> [Task]
Please return all lines in the listing holding the word "that".
________________
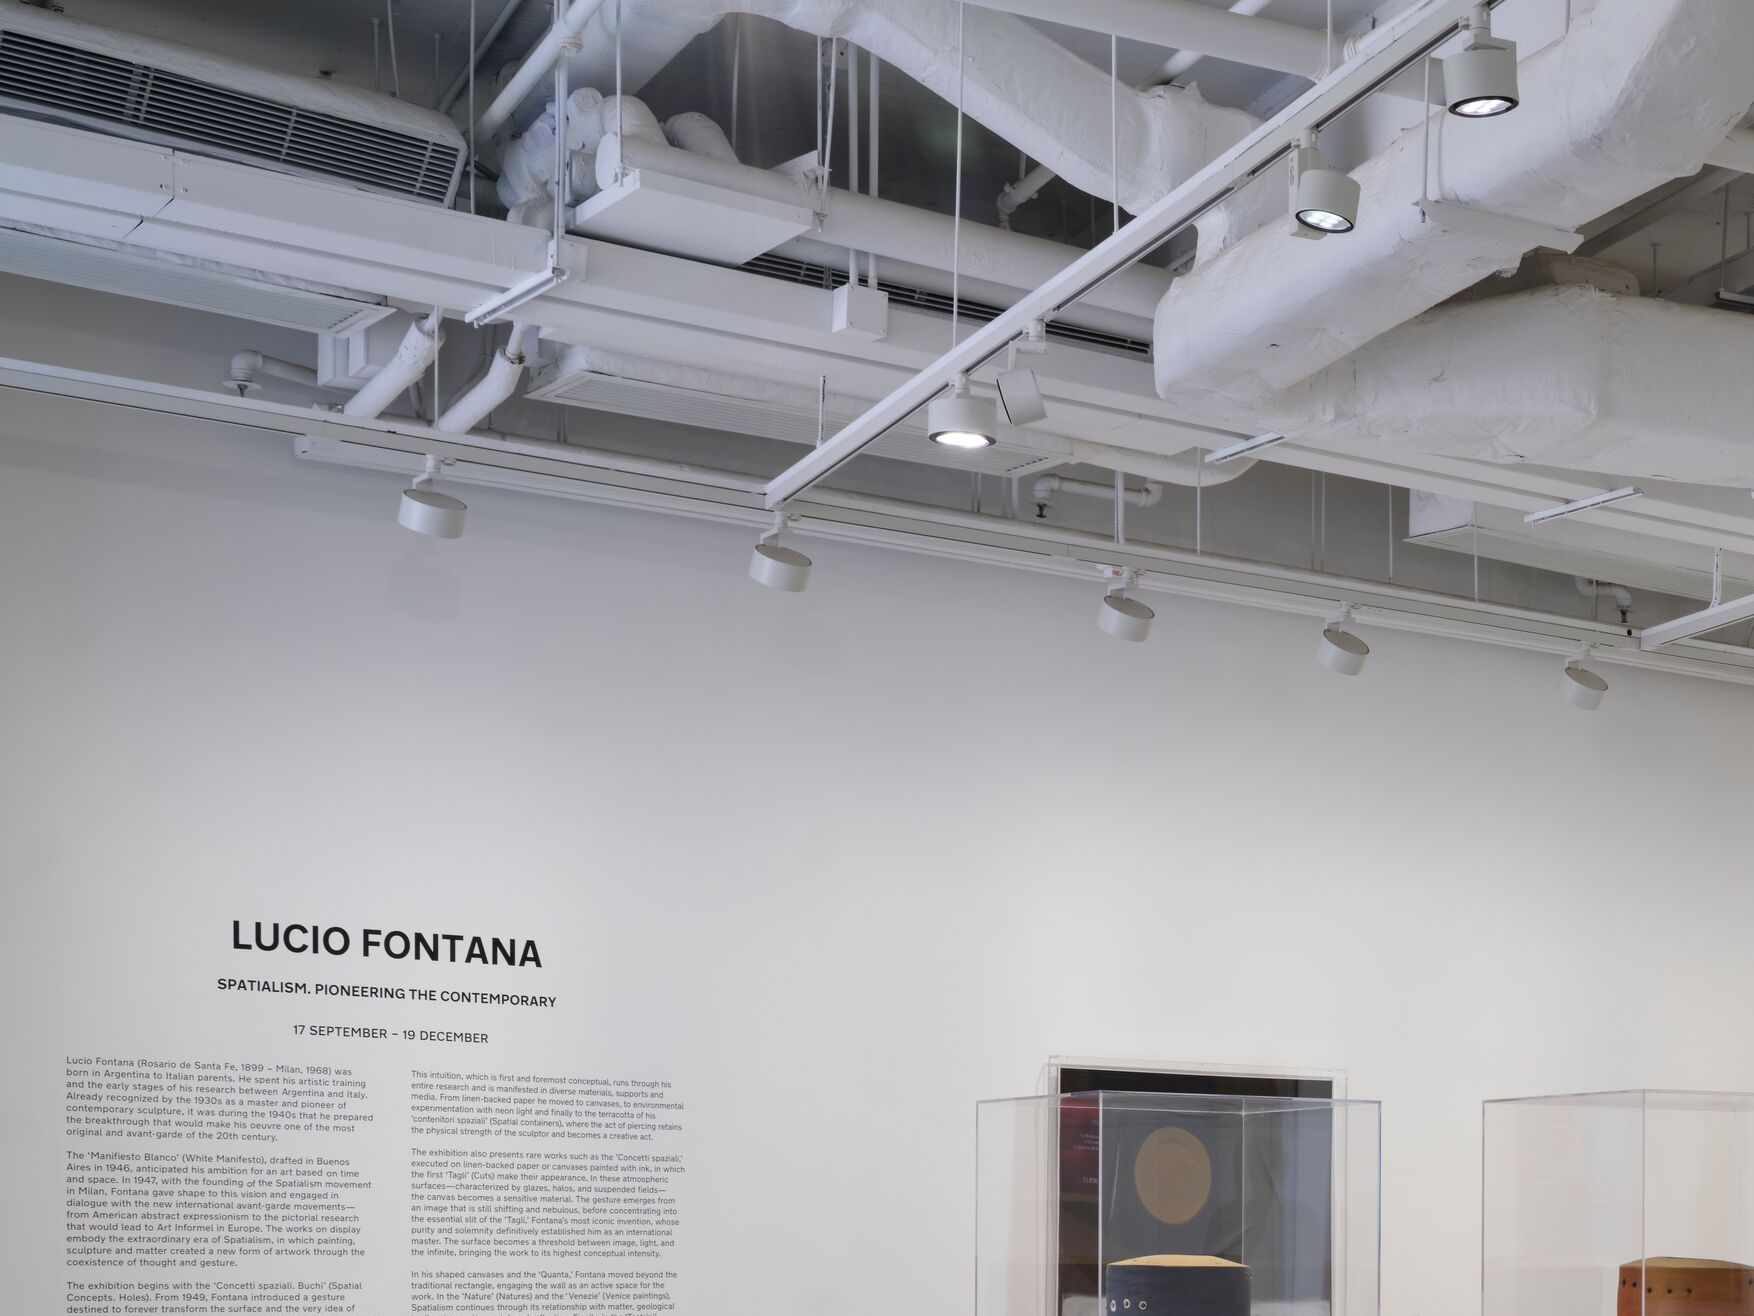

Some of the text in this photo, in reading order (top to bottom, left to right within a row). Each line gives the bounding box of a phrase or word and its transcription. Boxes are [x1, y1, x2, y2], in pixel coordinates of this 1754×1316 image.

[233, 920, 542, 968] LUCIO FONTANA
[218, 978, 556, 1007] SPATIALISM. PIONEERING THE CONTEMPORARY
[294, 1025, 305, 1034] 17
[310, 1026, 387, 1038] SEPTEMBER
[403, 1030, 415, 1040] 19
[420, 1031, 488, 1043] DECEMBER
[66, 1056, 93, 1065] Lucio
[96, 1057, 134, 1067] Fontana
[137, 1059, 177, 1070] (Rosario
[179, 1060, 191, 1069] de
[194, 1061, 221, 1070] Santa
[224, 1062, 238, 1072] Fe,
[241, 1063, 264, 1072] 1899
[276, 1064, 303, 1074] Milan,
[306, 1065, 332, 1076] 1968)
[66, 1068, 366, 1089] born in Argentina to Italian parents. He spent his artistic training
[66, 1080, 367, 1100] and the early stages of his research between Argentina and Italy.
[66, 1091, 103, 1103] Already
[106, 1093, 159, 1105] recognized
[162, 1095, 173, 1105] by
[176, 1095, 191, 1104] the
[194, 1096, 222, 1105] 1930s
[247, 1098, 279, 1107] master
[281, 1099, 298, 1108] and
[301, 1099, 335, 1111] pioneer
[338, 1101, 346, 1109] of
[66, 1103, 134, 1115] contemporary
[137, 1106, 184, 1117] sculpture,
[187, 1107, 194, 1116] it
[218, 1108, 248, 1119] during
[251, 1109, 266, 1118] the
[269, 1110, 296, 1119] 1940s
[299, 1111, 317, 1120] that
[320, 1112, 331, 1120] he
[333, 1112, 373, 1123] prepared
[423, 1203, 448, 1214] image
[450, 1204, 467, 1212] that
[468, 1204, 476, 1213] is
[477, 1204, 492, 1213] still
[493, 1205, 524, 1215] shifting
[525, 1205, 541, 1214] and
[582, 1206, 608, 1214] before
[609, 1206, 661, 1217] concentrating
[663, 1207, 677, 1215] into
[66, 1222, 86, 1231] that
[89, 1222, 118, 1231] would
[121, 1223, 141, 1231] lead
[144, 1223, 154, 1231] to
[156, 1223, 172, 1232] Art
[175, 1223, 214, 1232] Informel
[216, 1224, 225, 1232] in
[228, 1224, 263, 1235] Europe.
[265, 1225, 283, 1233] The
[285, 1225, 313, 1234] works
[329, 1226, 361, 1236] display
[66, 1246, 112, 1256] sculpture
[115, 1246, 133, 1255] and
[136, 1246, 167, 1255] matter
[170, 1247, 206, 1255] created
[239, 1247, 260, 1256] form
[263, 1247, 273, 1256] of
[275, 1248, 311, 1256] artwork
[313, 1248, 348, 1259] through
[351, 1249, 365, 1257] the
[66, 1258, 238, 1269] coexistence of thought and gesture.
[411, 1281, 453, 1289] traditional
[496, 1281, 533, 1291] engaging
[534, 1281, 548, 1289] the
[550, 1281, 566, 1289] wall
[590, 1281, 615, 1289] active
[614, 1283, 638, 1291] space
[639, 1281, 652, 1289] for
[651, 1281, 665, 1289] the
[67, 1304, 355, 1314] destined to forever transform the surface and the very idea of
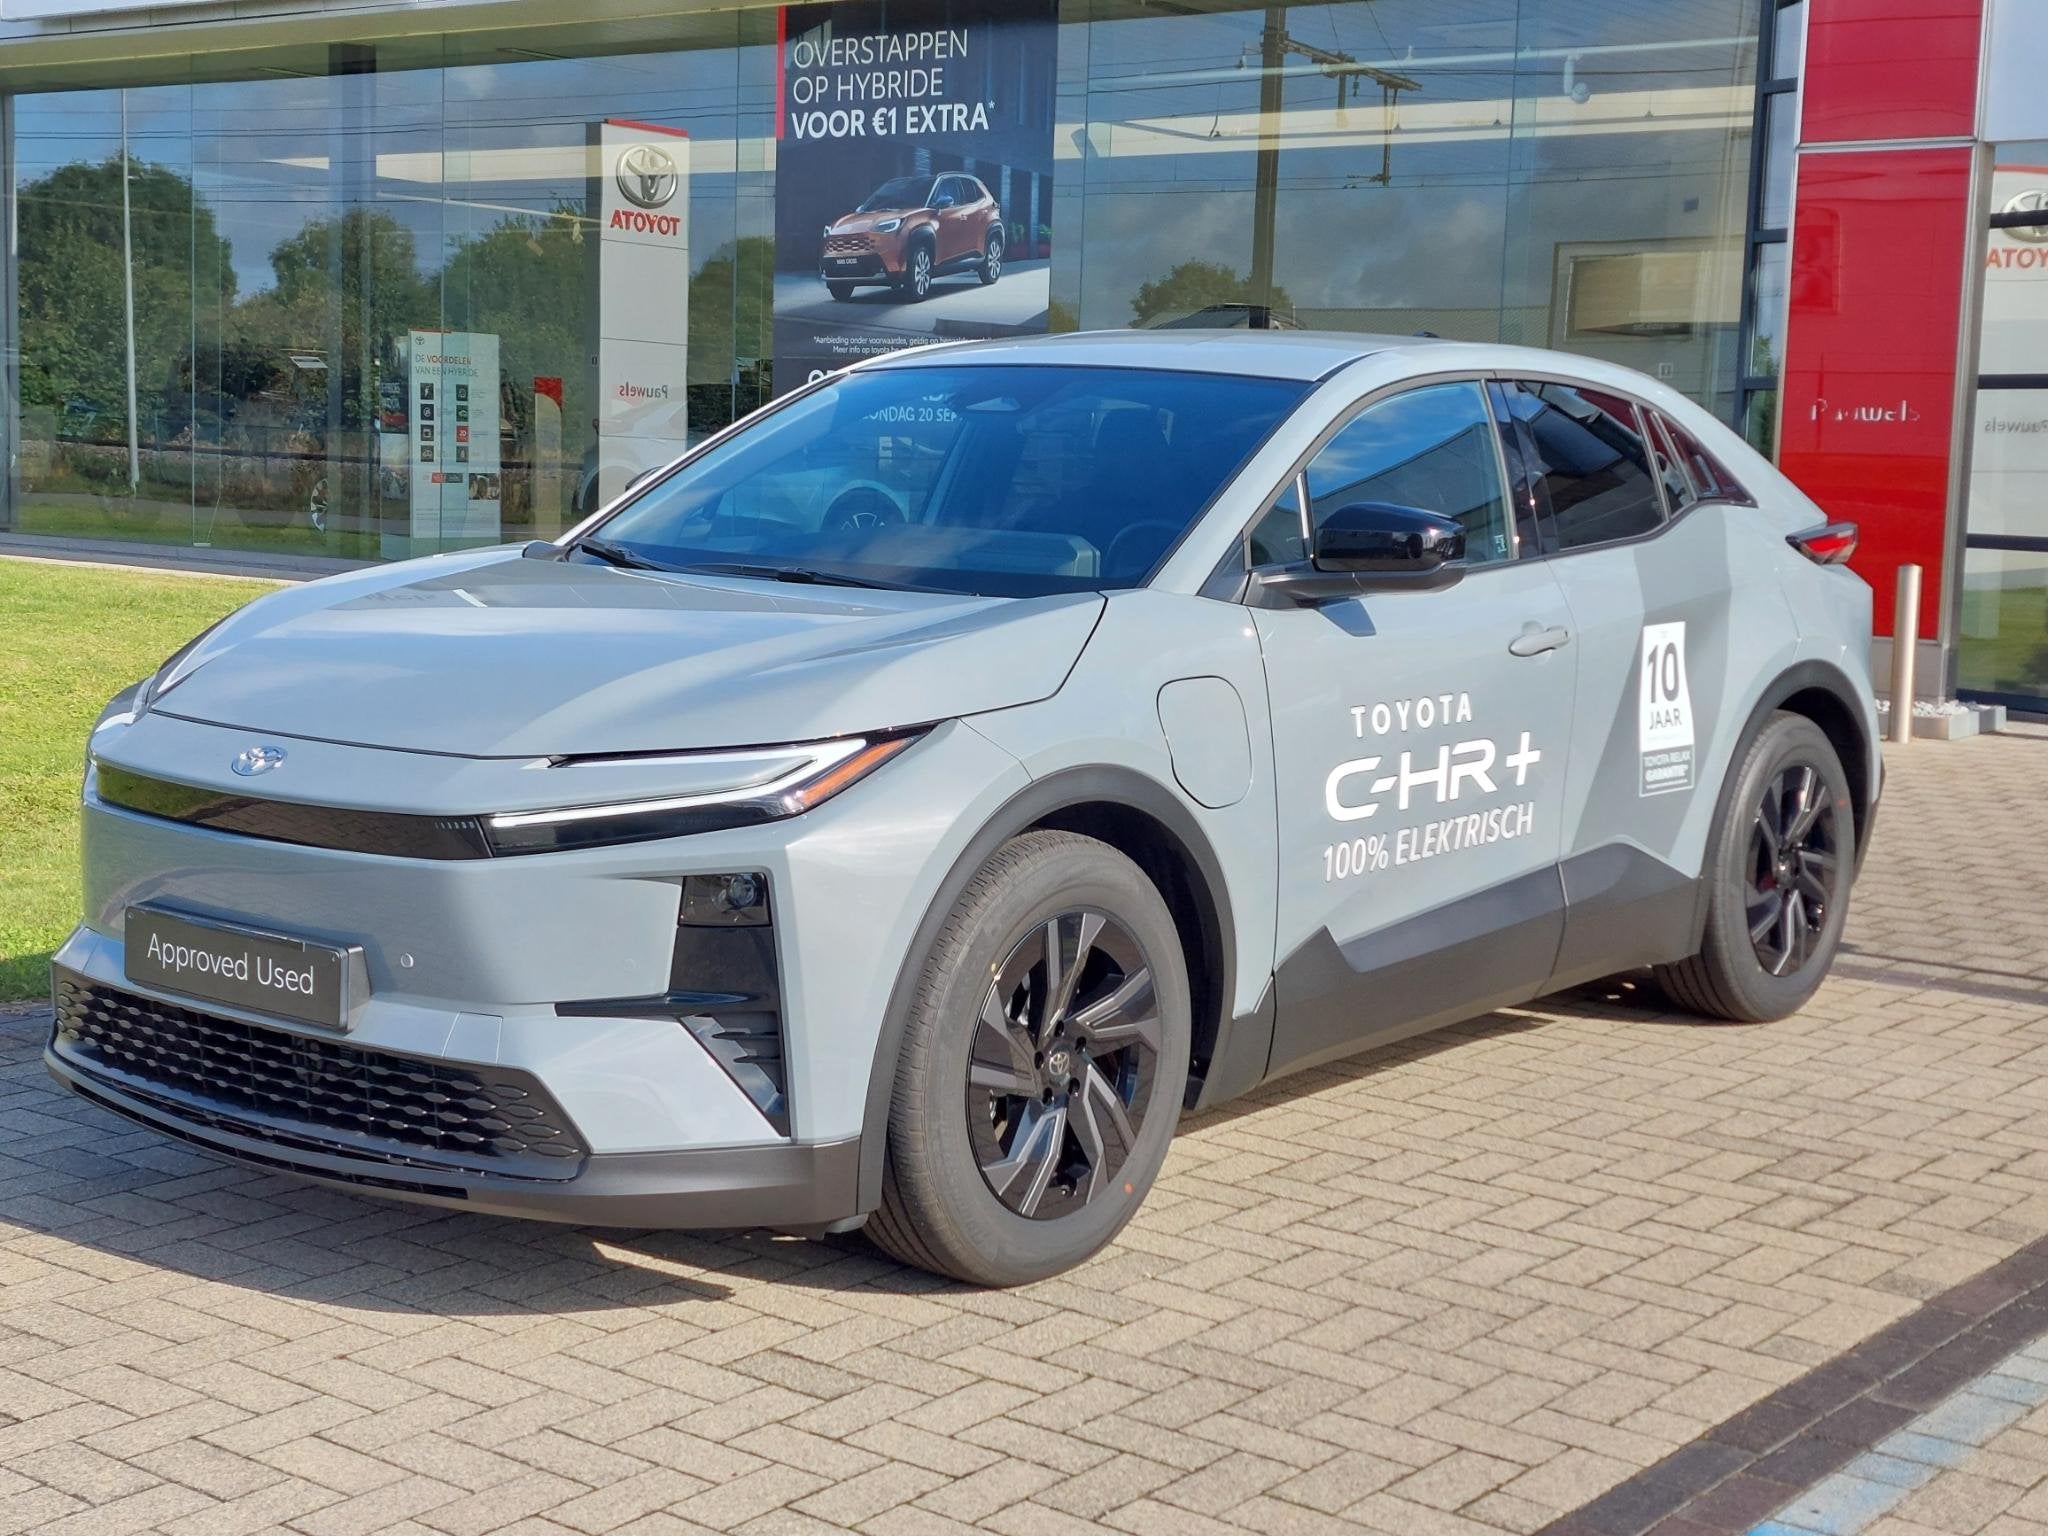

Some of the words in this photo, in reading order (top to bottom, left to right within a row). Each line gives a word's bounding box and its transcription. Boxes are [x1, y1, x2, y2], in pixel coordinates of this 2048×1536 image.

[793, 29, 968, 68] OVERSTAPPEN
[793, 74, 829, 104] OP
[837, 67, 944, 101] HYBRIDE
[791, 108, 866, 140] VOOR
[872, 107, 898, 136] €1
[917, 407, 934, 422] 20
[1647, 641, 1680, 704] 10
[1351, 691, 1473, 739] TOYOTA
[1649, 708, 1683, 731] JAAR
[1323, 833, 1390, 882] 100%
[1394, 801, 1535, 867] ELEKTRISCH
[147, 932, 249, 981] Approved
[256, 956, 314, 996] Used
________________
> [Written answer]
[299, 1111, 317, 1120] that
[450, 1204, 467, 1212] that
[66, 1222, 86, 1231] that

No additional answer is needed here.